Editor's note: Lucky Strike has closed.
If you want to sweat, Sichuan spot Lucky Strike is more reliable than a party at Holocene. Inside a red-tinted eatery that looks like a Chinatown haunt taken over by '90s-era ironists, the spice can get serious pretty fast.
Lucky Strike's classic hot pepper chicken bath ($12) will send fluids out your eyes and nose, with Sichuan peppers numbing your tongue to everything but heat. You can eat a plate of pig intestines ($11) whose vaporous spice will cause the same tumult in your own digestive tract.
But there's a secret to Lucky Strike: It also offers dishes of surprising subtlety.

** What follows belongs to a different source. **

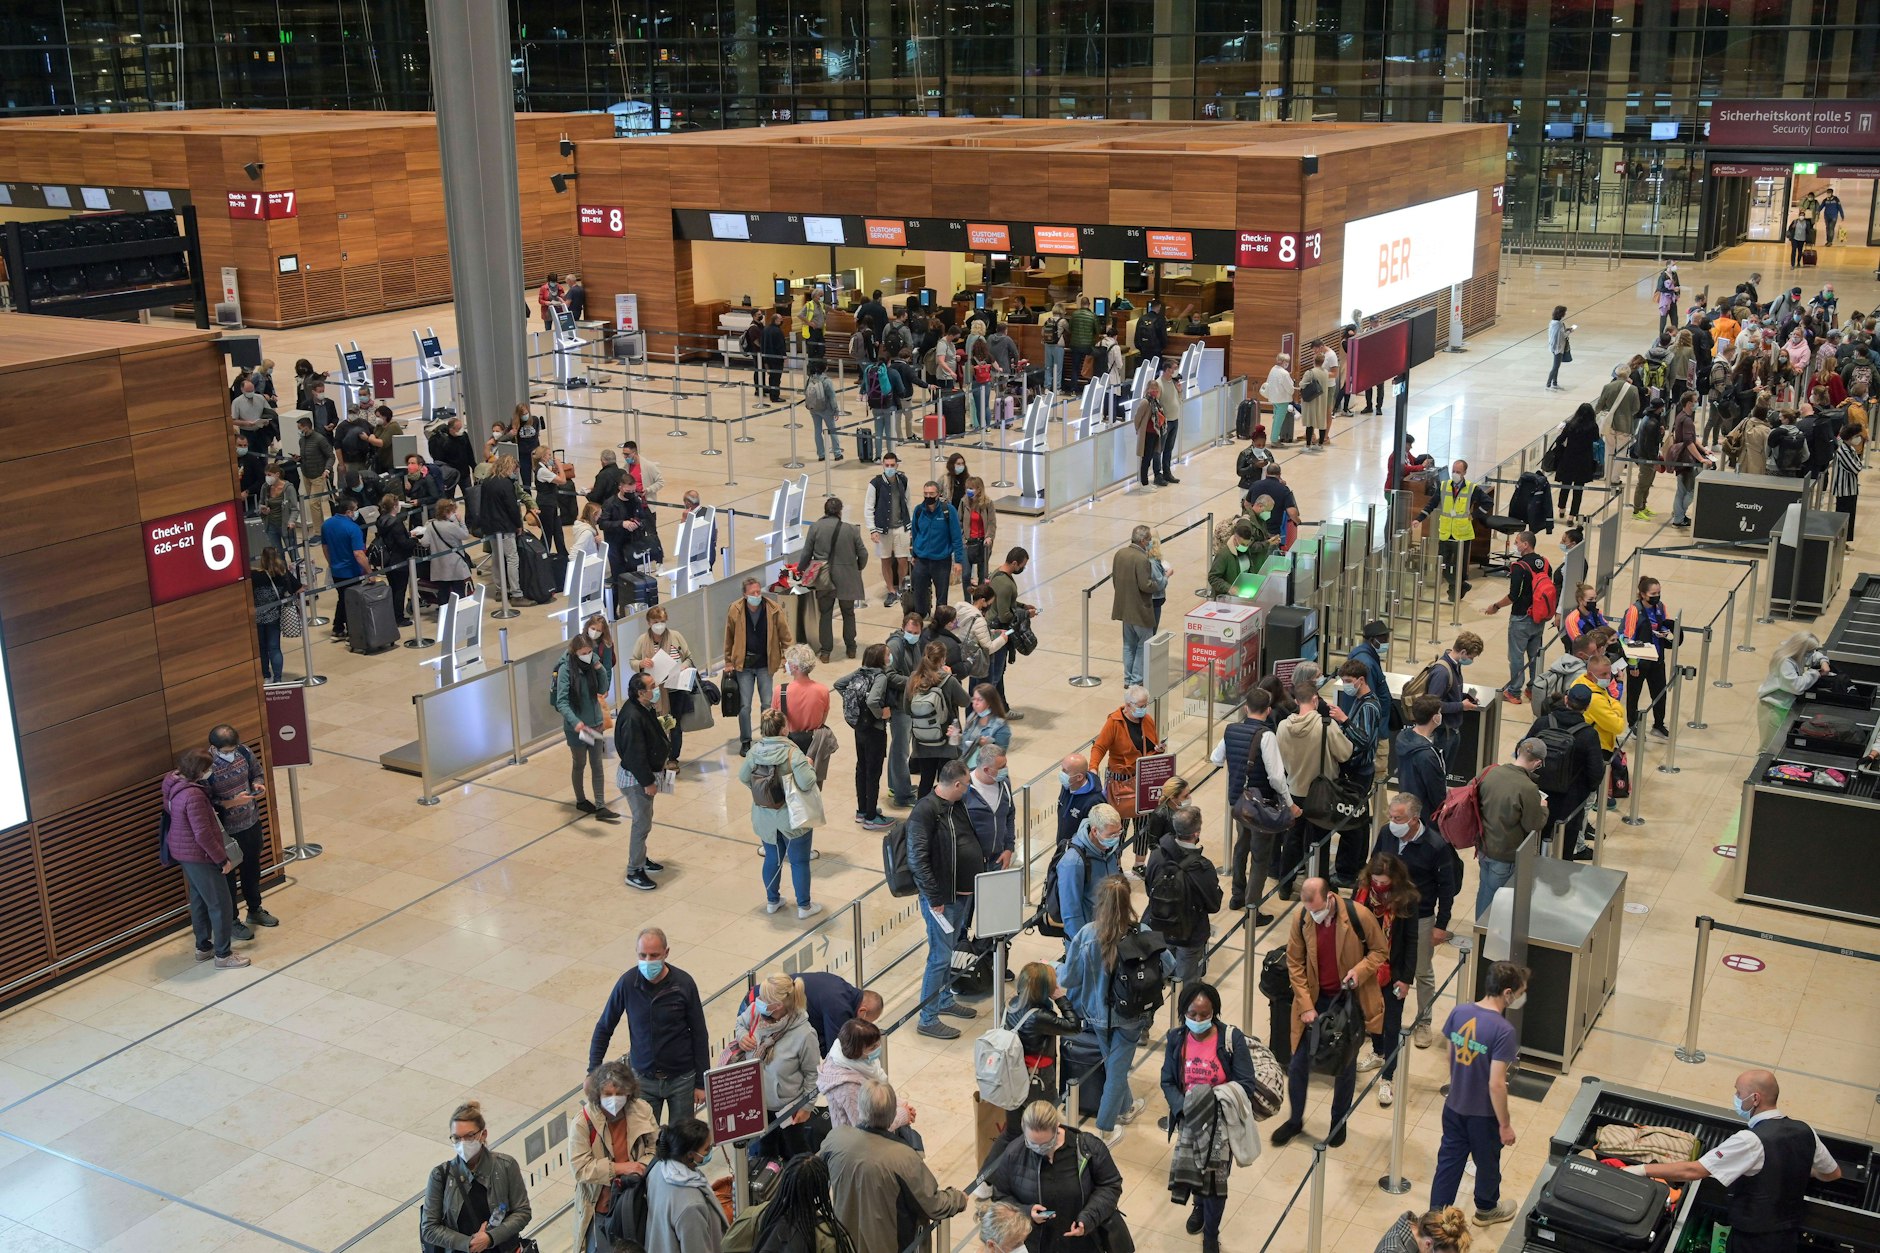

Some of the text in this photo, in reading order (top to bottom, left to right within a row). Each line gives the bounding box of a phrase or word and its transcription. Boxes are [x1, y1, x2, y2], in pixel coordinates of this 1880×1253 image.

The simple sauteed bok choy ($7) is a perfectly executed swirl of garlic and soy, always just delightfully crisp enough to maintain its structure. The pickle-fish-mushroom soup, meanwhile, comes in a pot big enough to run a soup line, but its pleasures are more delicate—lightly pickled cabbage and chili in a broth with noodles made of mushroom.
A simple beef shank appetizer, meanwhile, is livened in texture by nuts, made bittersweet with celery alongside the peppers. Rather than treat the place like a dare, the trick is to play subtlety against spice.
Pro tip: If you decide to get the hot stuff, go for the Vice Is Cooler cocktail with cucumber.